Image: A bodhi tree in Ayutthaya, Thailand © Simon Gurney/istockphoto.com
Image: A bodhi tree in Ayutthaya, Thailand © Simon Gurney/istockphoto.com

Not so long ago I had just finished pruning a beloved Black Mission fig tree when breaking archaeobotanical news rocked my world. A handful of charred figs, carbonized and unearthed in the ruins of a burned village north of the ancient city of Jericho, pushed the known dawn of agriculture back a thousand years to 9400 B.C.E. Not just that, but these same Fertile Crescent figs proved to be a variety that grows only on sterile female trees. Prior to their discovery the first evidence of settled human history was believed to be the domestication of seed-bearing grains and legumes around 8400 B.C.E. Now, with the uncovering of these Neolithic figs, which can be reproduced only by planting vegetative shoots cut from the limbs of a sterile mother plant, a sophisticated culture of prehistoric gardening was revealed.

Plant propagation has long been my gardening passion, especially sowing ripe seed on dark ground. But the Jericho figs remind us of an older buried truth—that new plants can be regenerated asexually from even a single cell cultured with mindful attention. Knuckle-sized joints of pale gray figwood inserted in living earth will push out an adventitious system of fresh roots and grow a new tree identical to its sterile mother. And a piece of stem and a root can be grafted together in the most primitive fashion to form a new and continuous vascular connection.
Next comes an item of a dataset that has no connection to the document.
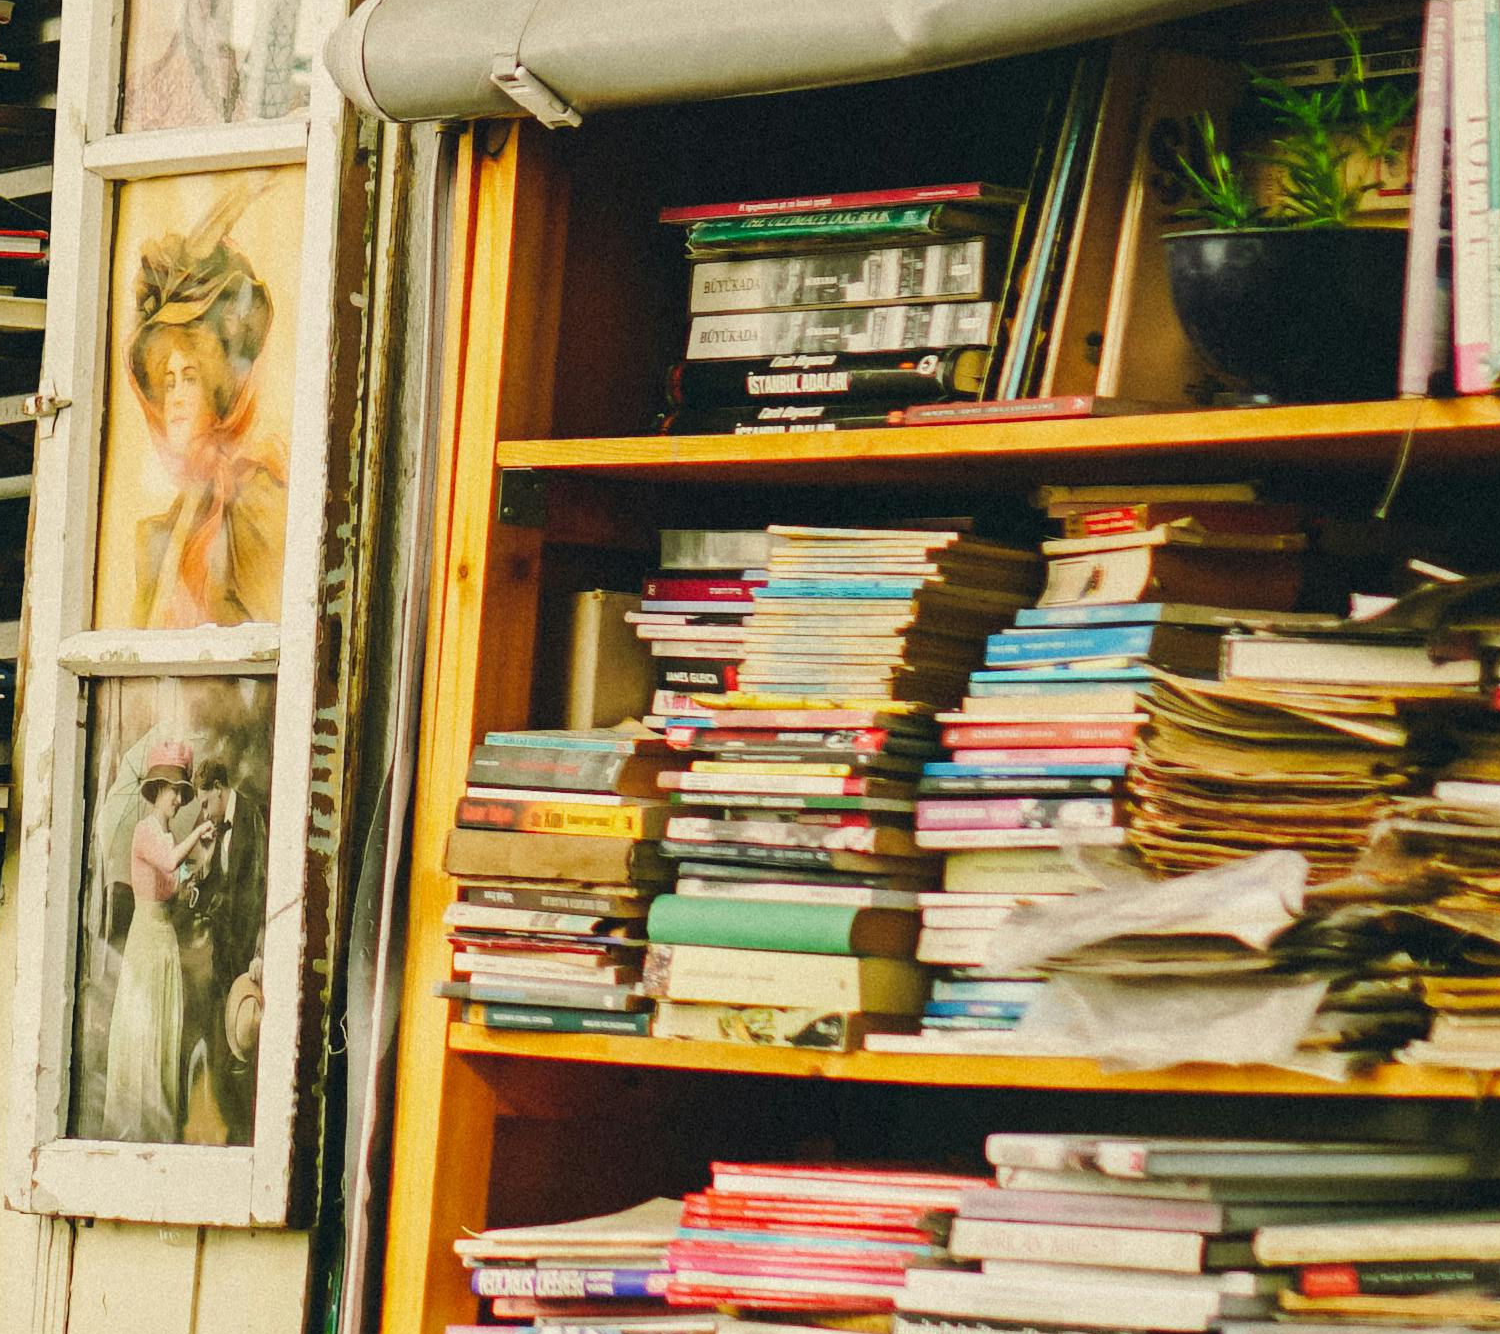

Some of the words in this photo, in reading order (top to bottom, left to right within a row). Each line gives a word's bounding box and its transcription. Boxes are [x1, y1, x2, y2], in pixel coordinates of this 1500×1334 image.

[703, 277, 761, 295] BÜYÜKADA
[699, 327, 759, 345] BÜYÜKADA
[746, 371, 801, 395] İSTANBUL
Why be surprised? The fig is one of the oldest and most varied plants on earth. A member of the vast mulberry tribe, the fig and its seven hundred varieties—from the giant Banyans of India to milky-sapped rubber plants, including a substantial array of delicious edible figs—are all related to the ancient fruit uncovered near Jericho. All figs derive from a common ancestor, Ficus carica, and from the cultivated subspecies sativa, or the domestic fig. Originating in Syria and extending to the Canary Isles, figs provide all Mediterranean countries with rich fruit, thriving in the Far East and India as well as across the Americas.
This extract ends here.